EXERCISE INSTRUCTIONS |
Every record, down to the last line, must be given again exactly.
——
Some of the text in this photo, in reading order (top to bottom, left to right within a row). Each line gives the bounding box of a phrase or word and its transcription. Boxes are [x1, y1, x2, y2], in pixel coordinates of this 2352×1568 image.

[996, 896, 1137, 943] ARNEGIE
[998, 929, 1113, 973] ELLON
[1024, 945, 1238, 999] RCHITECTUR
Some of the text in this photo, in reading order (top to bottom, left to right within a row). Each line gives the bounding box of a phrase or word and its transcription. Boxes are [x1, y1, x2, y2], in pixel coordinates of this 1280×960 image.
——
RESPONSE |
Some of the text in this photo, in reading order (top to bottom, left to right within a row). Each line gives the bounding box of a phrase or word and its transcription. Boxes are [x1, y1, x2, y2], in pixel coordinates of this 2352×1568 image.

[996, 896, 1137, 943] ARNEGIE
[998, 929, 1113, 973] ELLON
[1024, 945, 1238, 999] RCHITECTUR
Some of the text in this photo, in reading order (top to bottom, left to right within a row). Each line gives the bounding box of a phrase or word and its transcription. Boxes are [x1, y1, x2, y2], in pixel coordinates of this 1280×960 image.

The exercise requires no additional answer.